**Task directions**
Once you find the line with "Some of the text" in the data that follows, repeat it and every line after it exactly, through the line with "this 1932×1932 image.".

--- START ---

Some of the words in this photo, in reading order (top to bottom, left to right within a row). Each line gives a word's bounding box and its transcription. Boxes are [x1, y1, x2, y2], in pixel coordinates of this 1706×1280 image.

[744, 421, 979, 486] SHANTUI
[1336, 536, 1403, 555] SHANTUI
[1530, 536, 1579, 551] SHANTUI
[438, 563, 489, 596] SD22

--- END ---
--- START ---

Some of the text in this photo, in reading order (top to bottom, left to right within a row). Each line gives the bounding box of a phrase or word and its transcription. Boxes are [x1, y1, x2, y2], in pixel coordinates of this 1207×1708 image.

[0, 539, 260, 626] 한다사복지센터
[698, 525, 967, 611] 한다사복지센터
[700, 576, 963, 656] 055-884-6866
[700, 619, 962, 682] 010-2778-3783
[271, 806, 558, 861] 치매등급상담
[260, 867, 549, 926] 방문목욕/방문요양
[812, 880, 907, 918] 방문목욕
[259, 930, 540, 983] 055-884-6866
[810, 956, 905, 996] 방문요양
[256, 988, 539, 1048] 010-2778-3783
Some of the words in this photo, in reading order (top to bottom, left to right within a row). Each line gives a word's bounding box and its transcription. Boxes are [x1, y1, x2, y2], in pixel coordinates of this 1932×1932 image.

--- END ---

**Expected answer**
Some of the text in this photo, in reading order (top to bottom, left to right within a row). Each line gives the bounding box of a phrase or word and its transcription. Boxes are [x1, y1, x2, y2], in pixel coordinates of this 1207×1708 image.

[0, 539, 260, 626] 한다사복지센터
[698, 525, 967, 611] 한다사복지센터
[700, 576, 963, 656] 055-884-6866
[700, 619, 962, 682] 010-2778-3783
[271, 806, 558, 861] 치매등급상담
[260, 867, 549, 926] 방문목욕/방문요양
[812, 880, 907, 918] 방문목욕
[259, 930, 540, 983] 055-884-6866
[810, 956, 905, 996] 방문요양
[256, 988, 539, 1048] 010-2778-3783
Some of the words in this photo, in reading order (top to bottom, left to right within a row). Each line gives a word's bounding box and its transcription. Boxes are [x1, y1, x2, y2], in pixel coordinates of this 1932×1932 image.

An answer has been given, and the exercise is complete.